Description of the task — Apart from the pictures, every entry should be reproduced exactly.

[Dataset entries]
↓
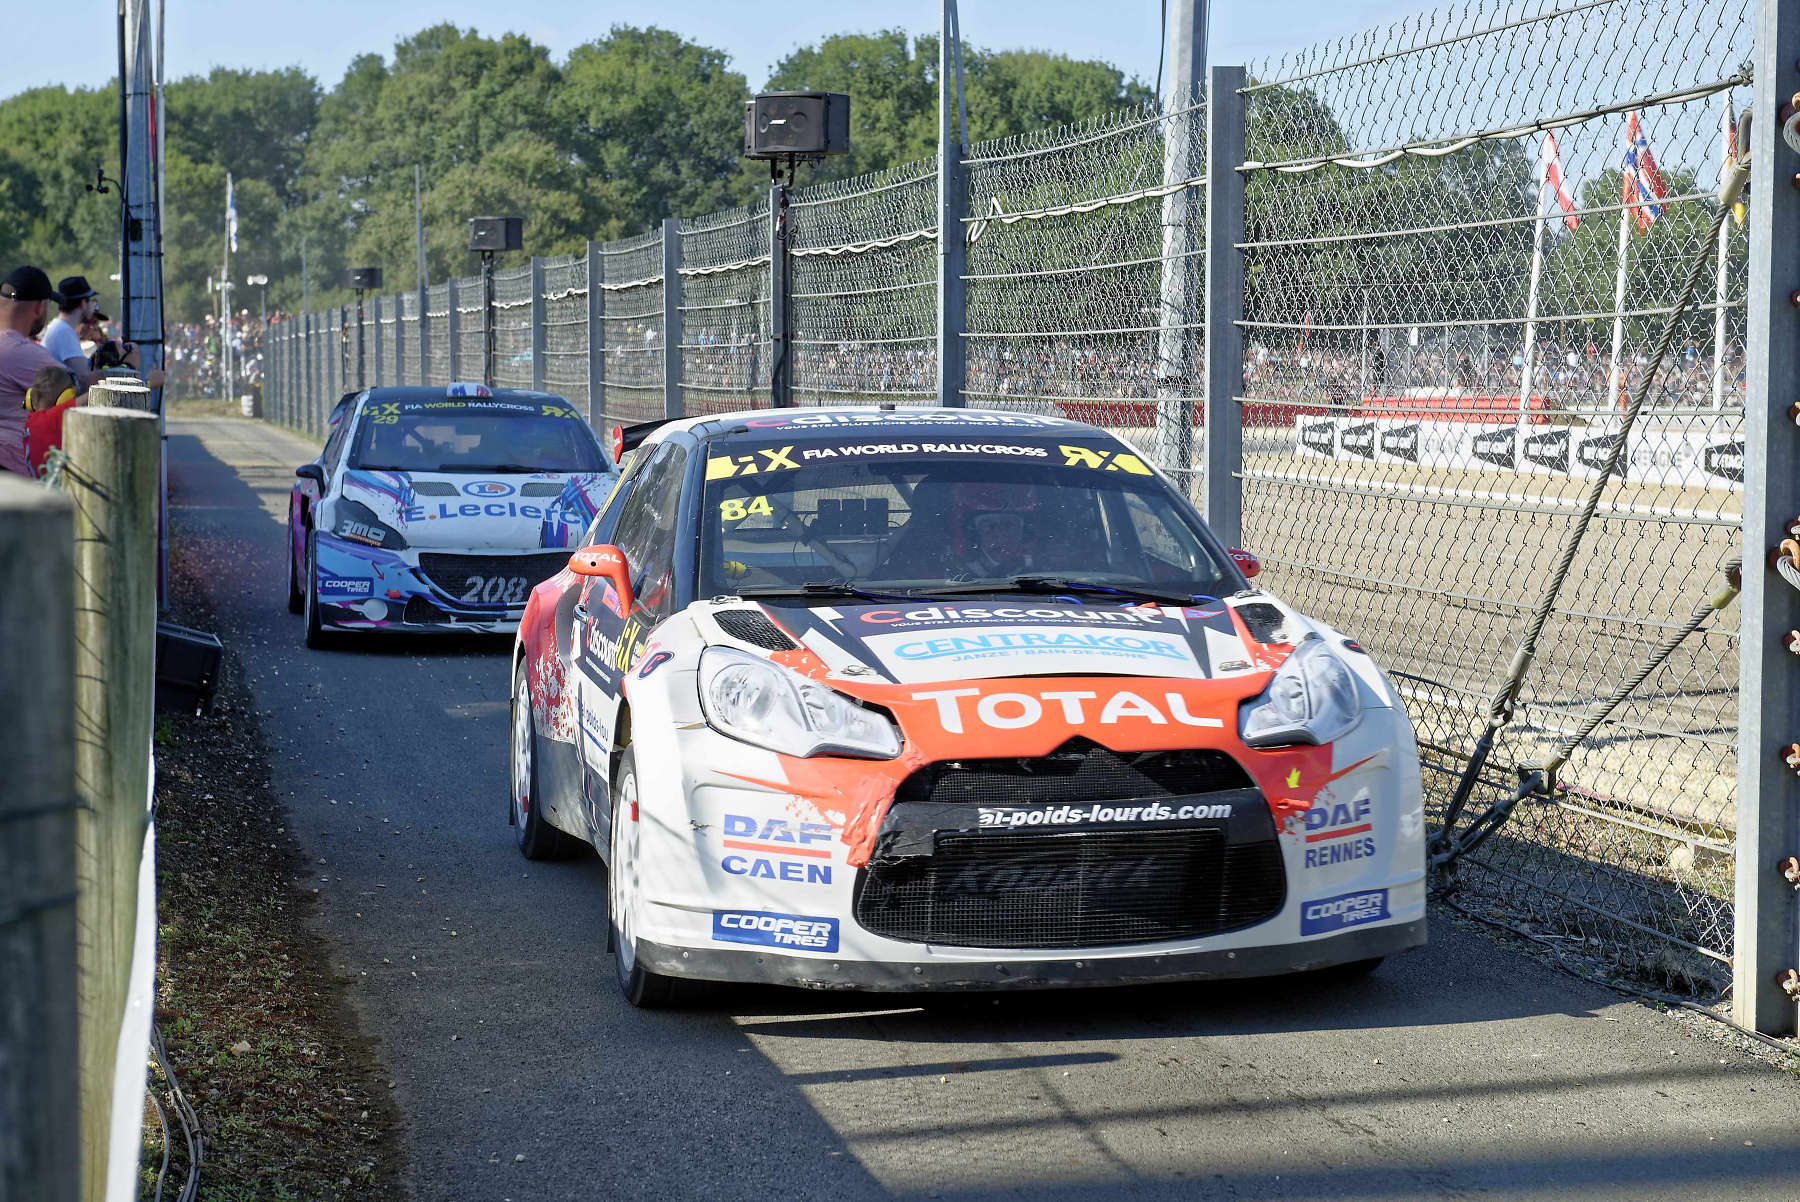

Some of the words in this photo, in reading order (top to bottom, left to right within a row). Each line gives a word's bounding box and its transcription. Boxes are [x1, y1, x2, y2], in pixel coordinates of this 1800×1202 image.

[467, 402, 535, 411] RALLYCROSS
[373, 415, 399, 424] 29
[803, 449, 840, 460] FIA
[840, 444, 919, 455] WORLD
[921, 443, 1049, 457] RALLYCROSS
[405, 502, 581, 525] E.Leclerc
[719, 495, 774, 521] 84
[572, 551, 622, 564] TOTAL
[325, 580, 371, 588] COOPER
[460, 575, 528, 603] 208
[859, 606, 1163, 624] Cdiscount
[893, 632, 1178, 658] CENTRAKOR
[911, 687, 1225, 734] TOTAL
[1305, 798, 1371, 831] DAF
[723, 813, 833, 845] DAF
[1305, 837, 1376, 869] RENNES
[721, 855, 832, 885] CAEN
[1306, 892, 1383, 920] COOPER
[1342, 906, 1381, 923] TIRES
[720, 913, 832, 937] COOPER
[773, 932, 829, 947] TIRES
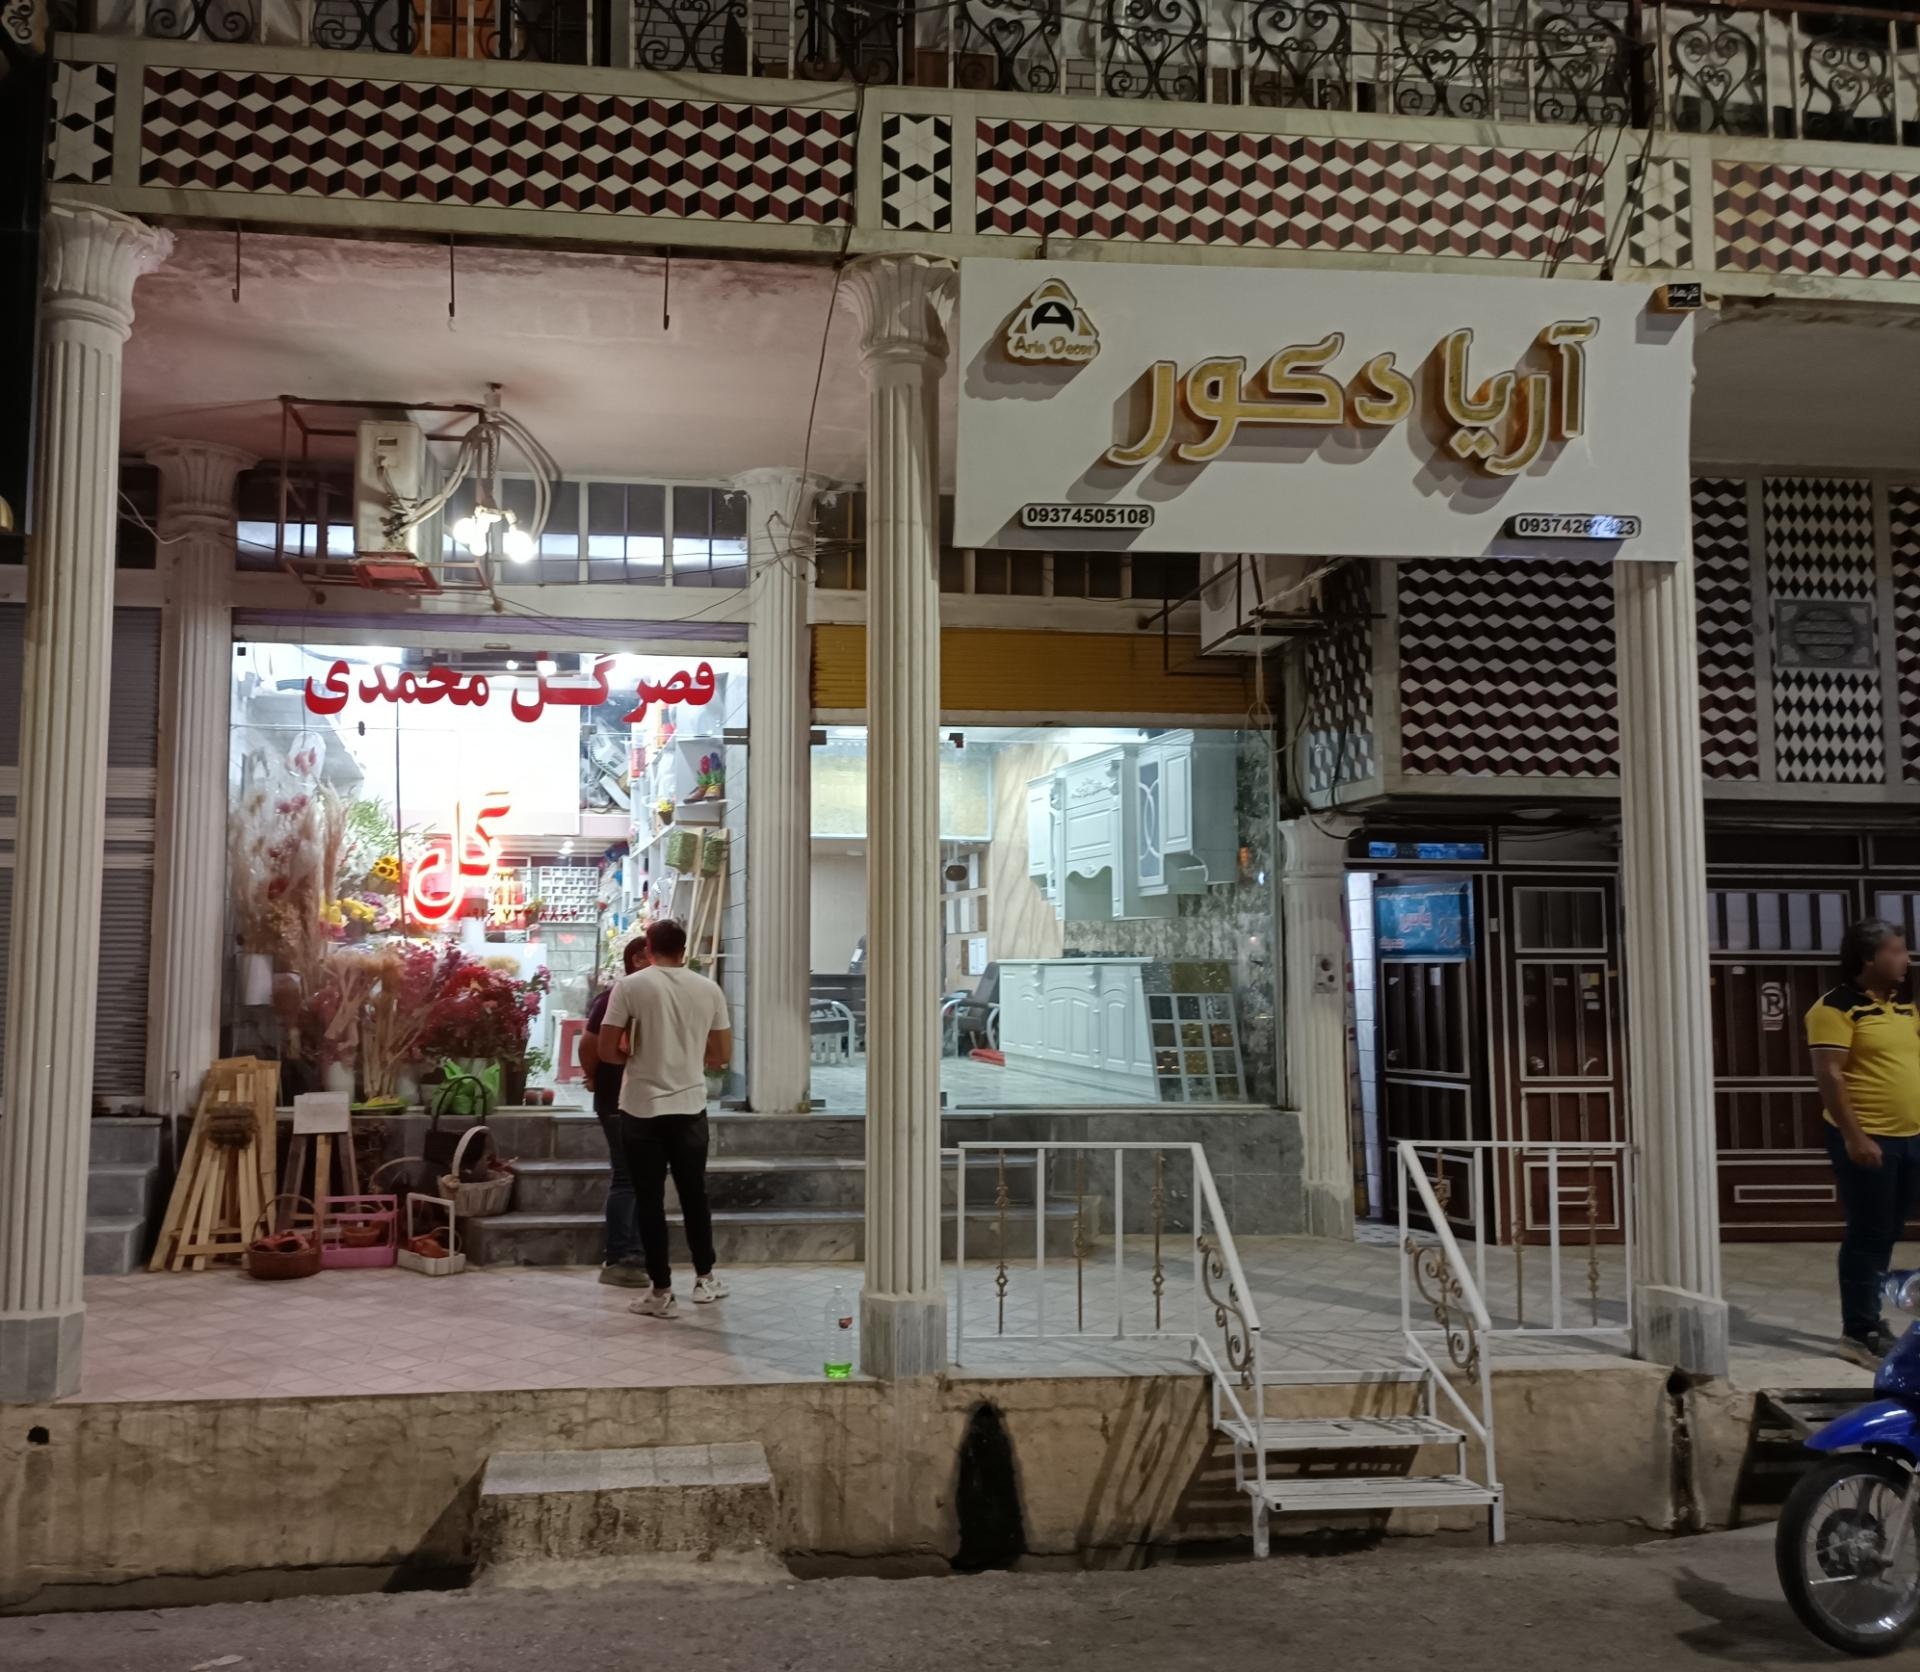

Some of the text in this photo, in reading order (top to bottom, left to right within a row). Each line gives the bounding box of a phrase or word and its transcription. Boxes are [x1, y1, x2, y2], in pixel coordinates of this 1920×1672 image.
↑
Reply —
Some of the words in this photo, in reading order (top to bottom, left to right within a row). Each line gives a word's bounding box and its transcription. Boxes are [x1, y1, x2, y2], in pixel coordinates of this 1800×1202 image.

[467, 402, 535, 411] RALLYCROSS
[373, 415, 399, 424] 29
[803, 449, 840, 460] FIA
[840, 444, 919, 455] WORLD
[921, 443, 1049, 457] RALLYCROSS
[405, 502, 581, 525] E.Leclerc
[719, 495, 774, 521] 84
[572, 551, 622, 564] TOTAL
[325, 580, 371, 588] COOPER
[460, 575, 528, 603] 208
[859, 606, 1163, 624] Cdiscount
[893, 632, 1178, 658] CENTRAKOR
[911, 687, 1225, 734] TOTAL
[1305, 798, 1371, 831] DAF
[723, 813, 833, 845] DAF
[1305, 837, 1376, 869] RENNES
[721, 855, 832, 885] CAEN
[1306, 892, 1383, 920] COOPER
[1342, 906, 1381, 923] TIRES
[720, 913, 832, 937] COOPER
[773, 932, 829, 947] TIRES

Some of the text in this photo, in reading order (top to bottom, left to right within a row). Each line gives the bounding box of a phrase or word and its transcription. Boxes are [x1, y1, x2, y2], in pixel coordinates of this 1920×1672 image.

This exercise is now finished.